Early editions were inspired by classical meetings in numerical and theoretical analysis hosted by entities like International Congress of Mathematicians, Society for Industrial and Applied Mathematics, American Mathematical Society, and European Mathematical Society. Notable historical venues include conferences at University of Oxford, Sorbonne University, University of Chicago, Yale University, and University of Tokyo. Over time, the Symposium has been held at centers such as Kavli Institute for Theoretical Physics, Mathematical Sciences Research Institute, Institute Henri Poincaré, and Banff International Research Station. Special anniversary editions have coincided with milestones celebrated by Fields Medal recipients, visiting scholars from Royal Institution, and collaborative grants from Simons Foundation and National Science Foundation.
Sessions cover analytical and geometric problems including regularity theory for Monge–Ampère equation, dispersive PDEs like the Korteweg–de Vries equation, and stochastic PDEs connected to work at Courant Institute of Mathematical Sciences and Weizmann Institute of Science. Themes often reference developments in the theory surrounding Riemann–Hilbert problem, inverse problems prominent at Johns Hopkins University, and homogenization studied at University of Paris-Sud. Cross-disciplinary panels link to applied arenas involving National Aeronautics and Space Administration, European Space Agency, Bell Labs, and industrial partners including Siemens and General Electric.
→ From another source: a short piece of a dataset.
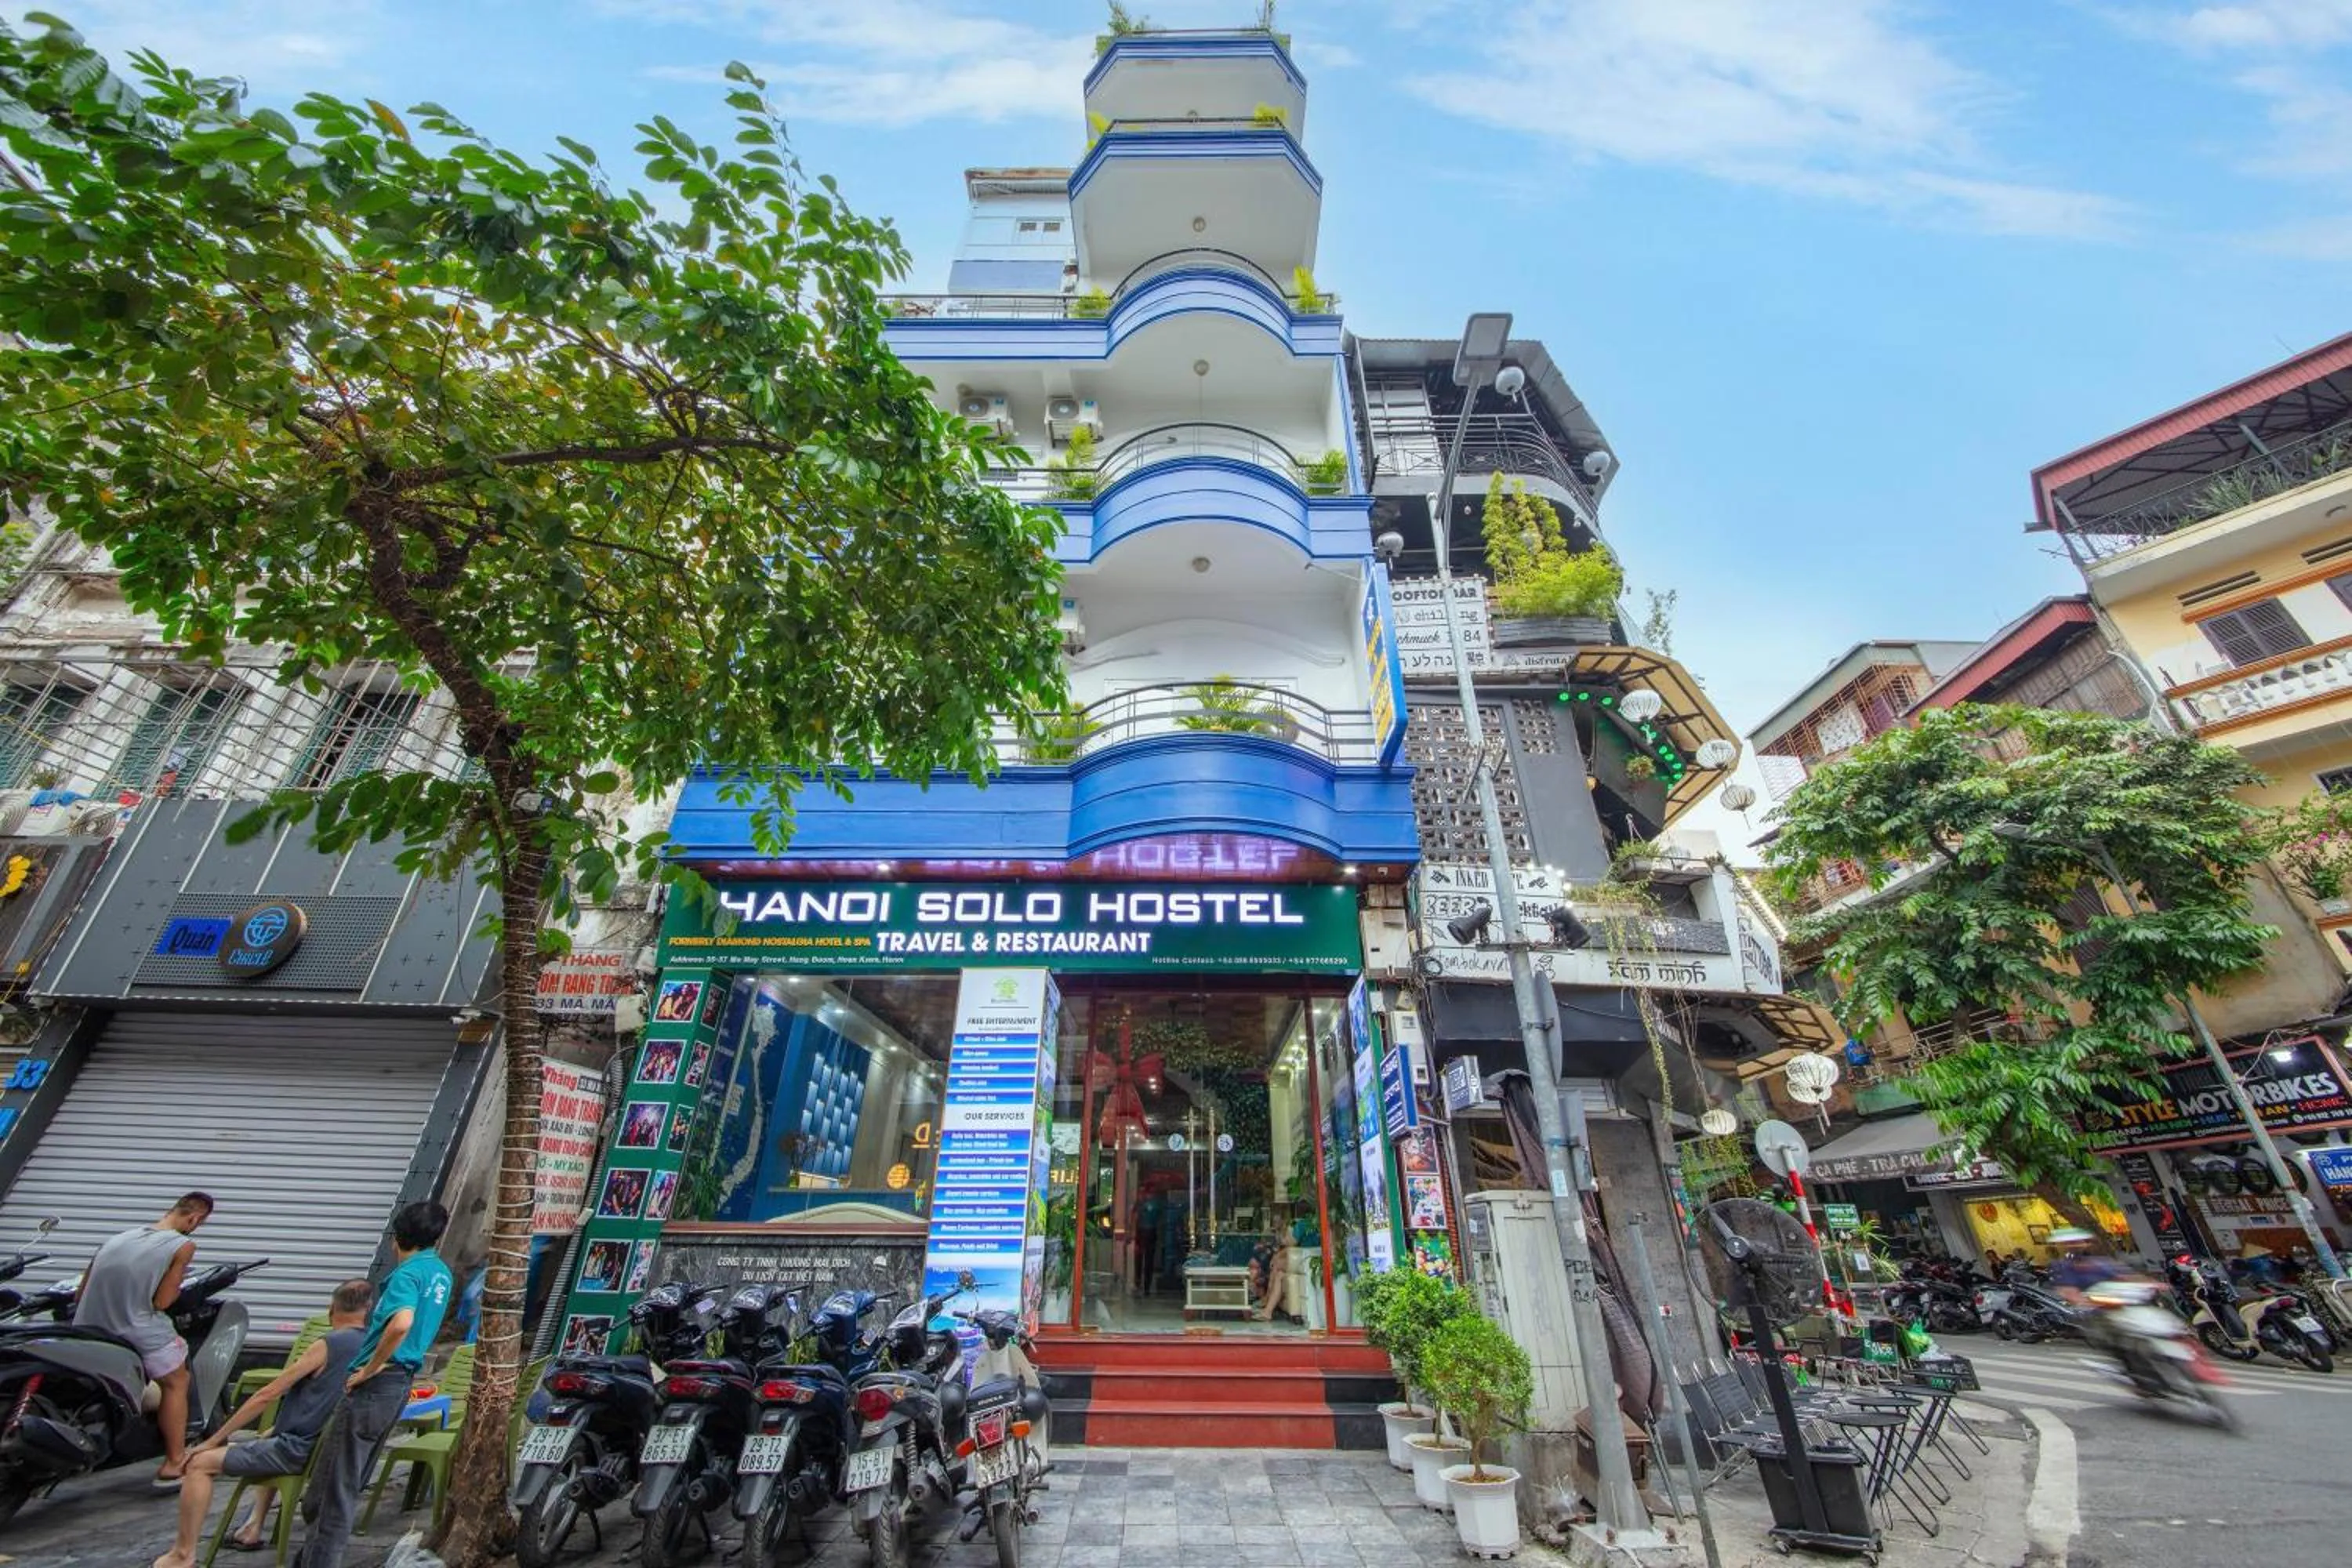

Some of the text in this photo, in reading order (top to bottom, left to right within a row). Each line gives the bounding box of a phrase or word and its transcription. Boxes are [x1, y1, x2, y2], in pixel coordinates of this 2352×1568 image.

Organizers typically include departments and societies such as the American Mathematical Society, Society for Industrial and Applied Mathematics, London Mathematical Society, Deutsche Mathematiker-Vereinigung, and regional bodies like the Australian Mathematical Society and Canadian Mathematical Society. Institutional sponsors have included European Research Council, Royal Society of Edinburgh, Japan Society for the Promotion of Science, and philanthropy from Gordon and Betty Moore Foundation and Alfred P. Sloan Foundation. Host universities have ranged from University of Bonn to Seoul National University and partner institutes like Rutherford Appleton Laboratory.
Distinguished speakers have included scholars associated with Fields Medal laureates, recipients of the Abel Prize, and members of the National Academy of Sciences. Past plenary lecturers have been affiliated with Yale University, Columbia University, University of Cambridge, Imperial College London, and University of Oxford. Invited speakers frequently hold compatriot ties to institutes such as Institut des Hautes Études Scientifiques, Scuola Normale Superiore, ETH Zurich, and University of Michigan. Awardees and honorees have been connected to research traditions from Princeton University, University of California, Los Angeles, Brown University, and Duke University.
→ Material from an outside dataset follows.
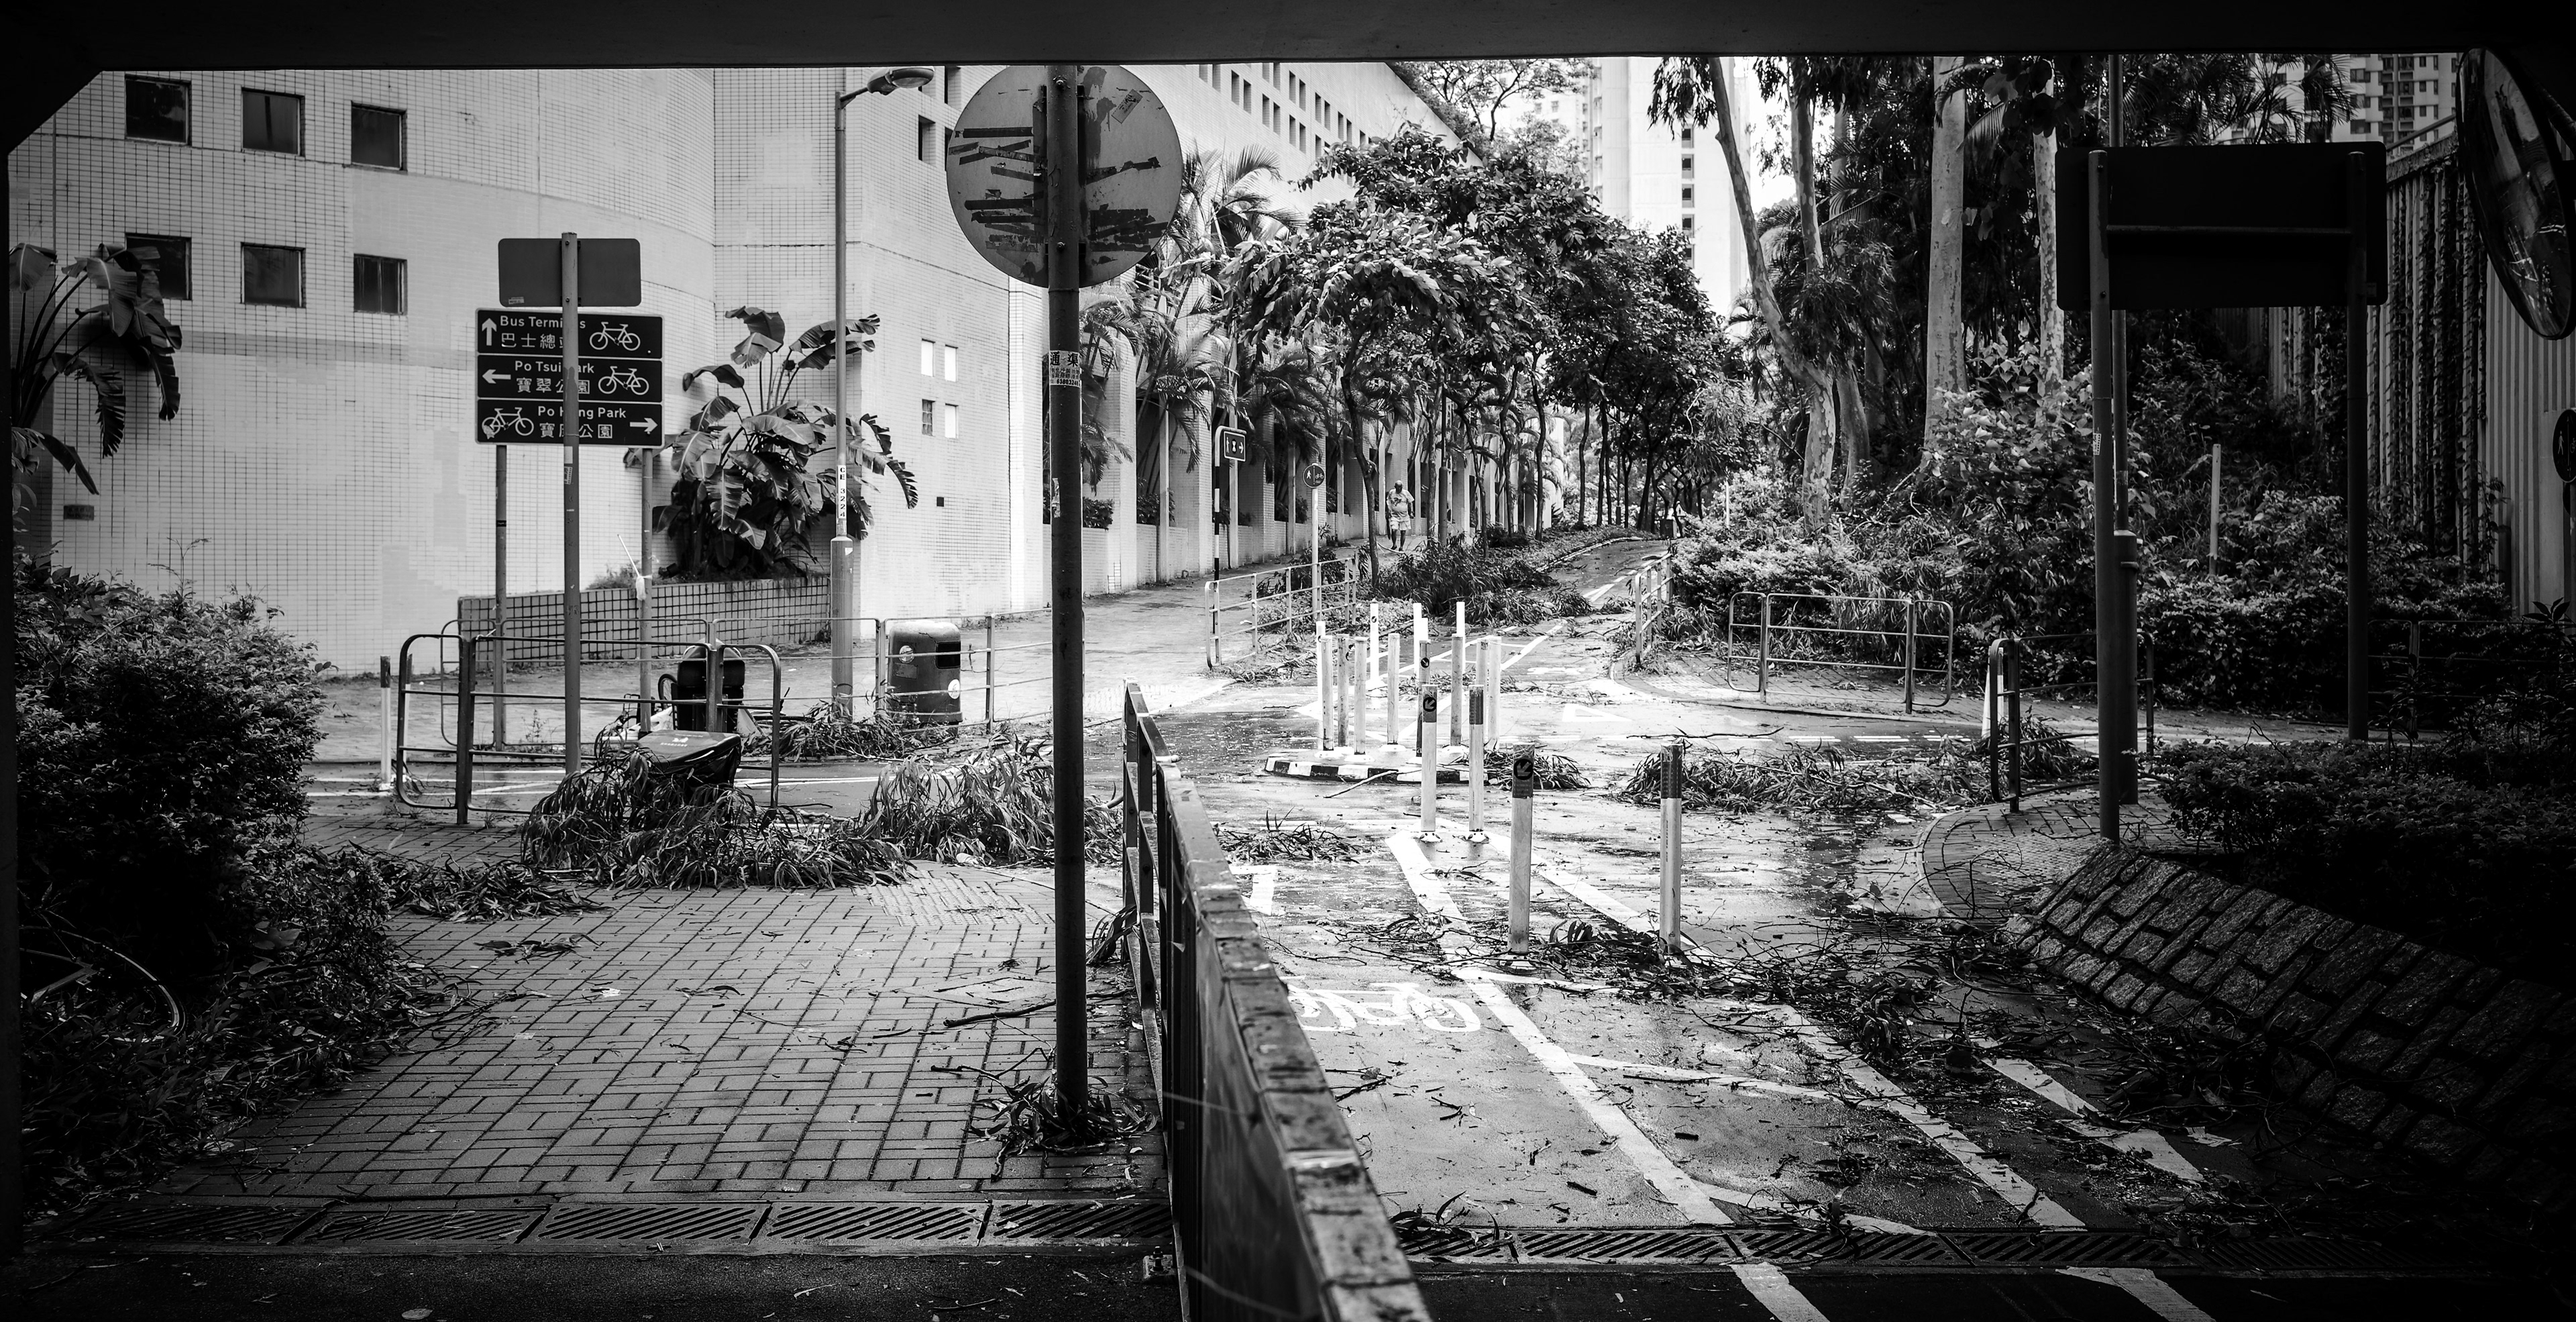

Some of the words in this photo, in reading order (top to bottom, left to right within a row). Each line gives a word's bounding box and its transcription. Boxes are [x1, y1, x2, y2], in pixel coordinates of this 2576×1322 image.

Proceedings have been published in series by Springer Science+Business Media, Elsevier, Cambridge University Press, and American Mathematical Society monographs, with special issues appearing in journals like Communications on Pure and Applied Mathematics, Annals of Mathematics, Inventiones Mathematicae, and Journal of Differential Equations. Preprints and extended abstracts are frequently archived via collaborations with arXiv, and editorial work has links to editorial boards of Proceedings of the National Academy of Sciences and SIAM Journal on Mathematical Analysis.
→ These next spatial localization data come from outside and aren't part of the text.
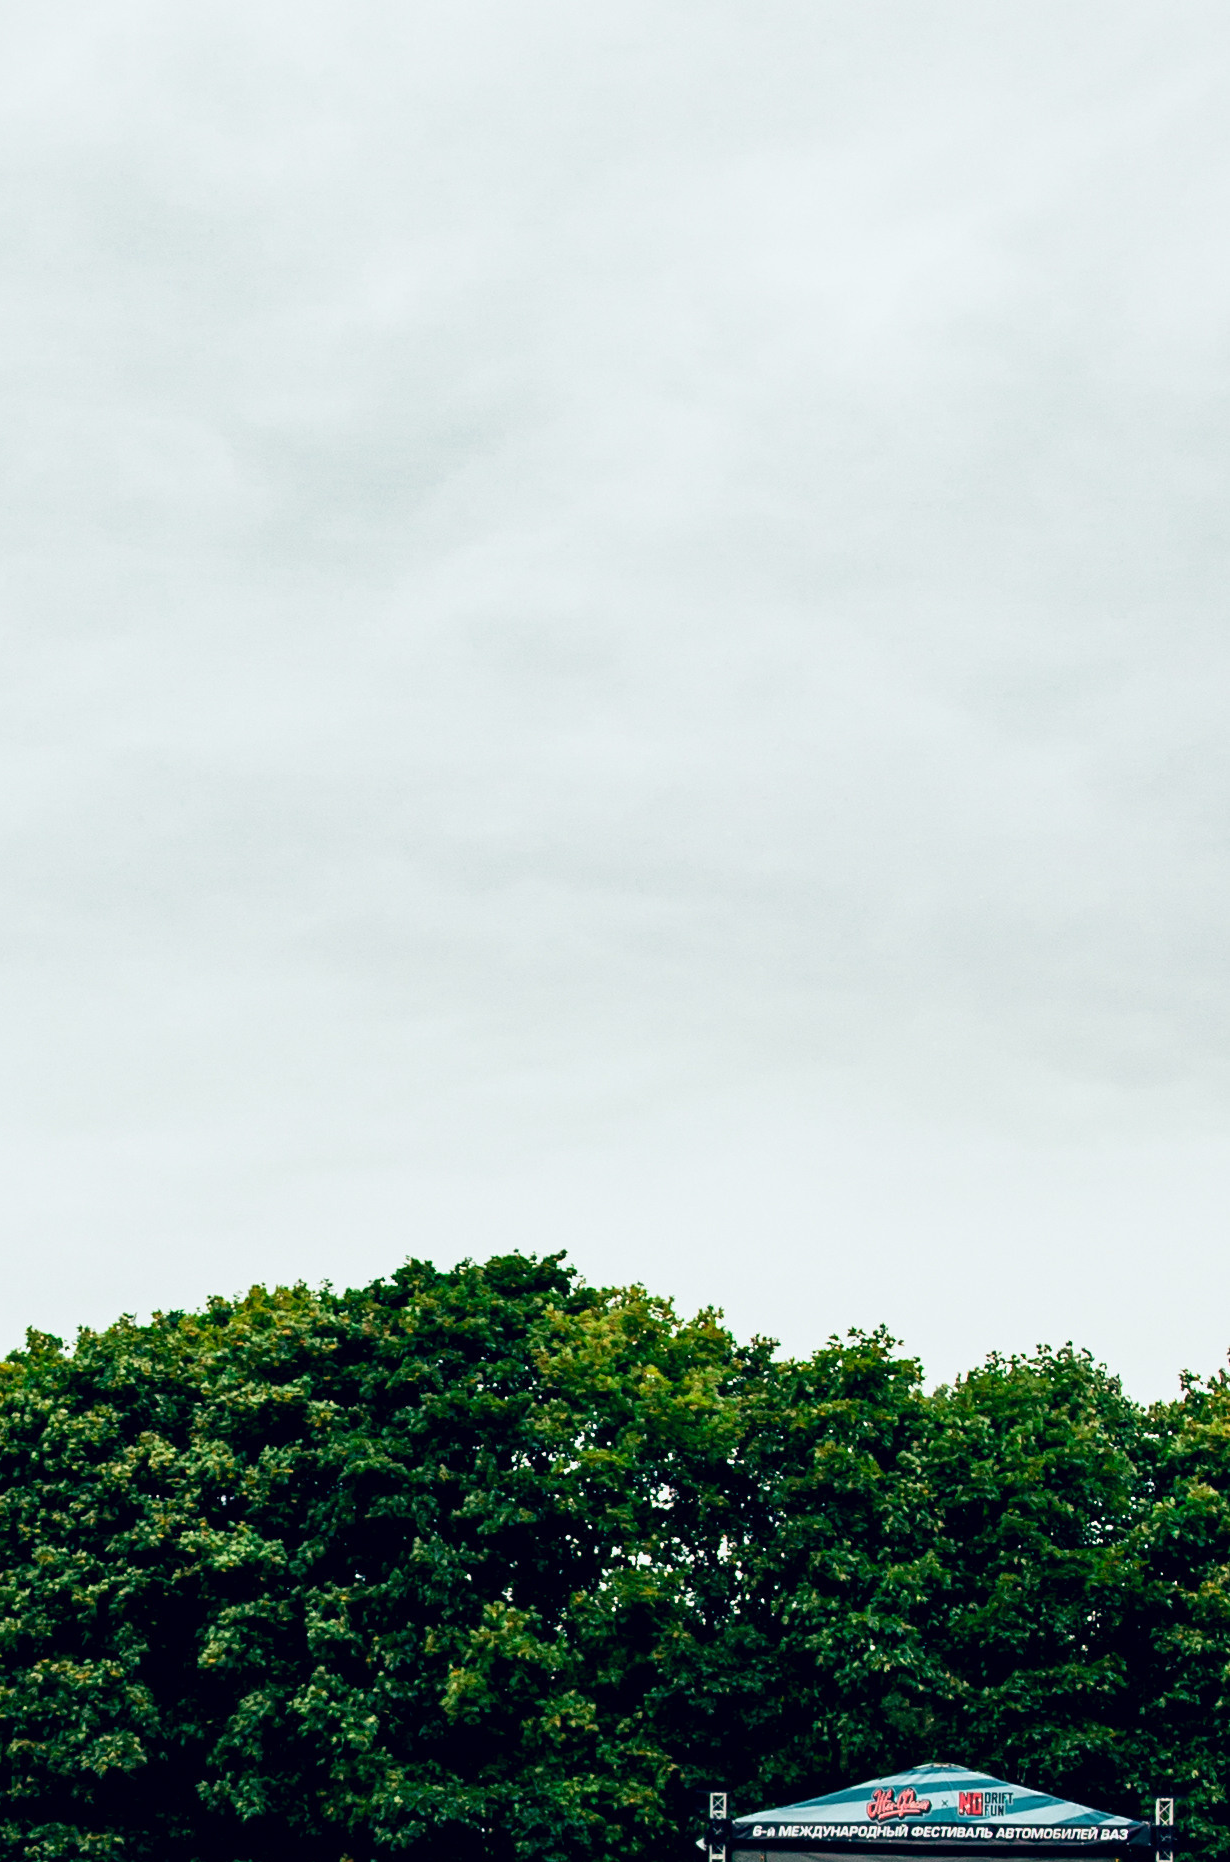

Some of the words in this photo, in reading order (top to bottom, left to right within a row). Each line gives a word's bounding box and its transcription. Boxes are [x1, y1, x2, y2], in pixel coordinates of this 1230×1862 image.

[959, 1791, 983, 1816] NO
[984, 1791, 1014, 1804] DRIFT
[984, 1804, 1005, 1816] FUN
[778, 1823, 909, 1839] МЕЖДУНАРОДНЫЙ
[911, 1825, 993, 1839] ФЕСТИВАЛЬ
[996, 1826, 1098, 1840] АВТОМОБИЛЕЙ
[1100, 1828, 1129, 1841] ВАЗ
The Symposium has influenced research directions that intersect with breakthroughs credited to centers such as Princeton University, MIT, CNRS, and Max Planck Society. Contributions presented have informed developments in numerical schemes used at Los Alamos National Laboratory and theoretical frameworks cited by Perimeter Institute for Theoretical Physics and Kavli Institute for Cosmological Physics. The meeting fosters collaborations that have led to joint programs funded by European Research Council, National Science Foundation, and collaborative networks with International Mathematical Union and regional academies like the Academia Sinica.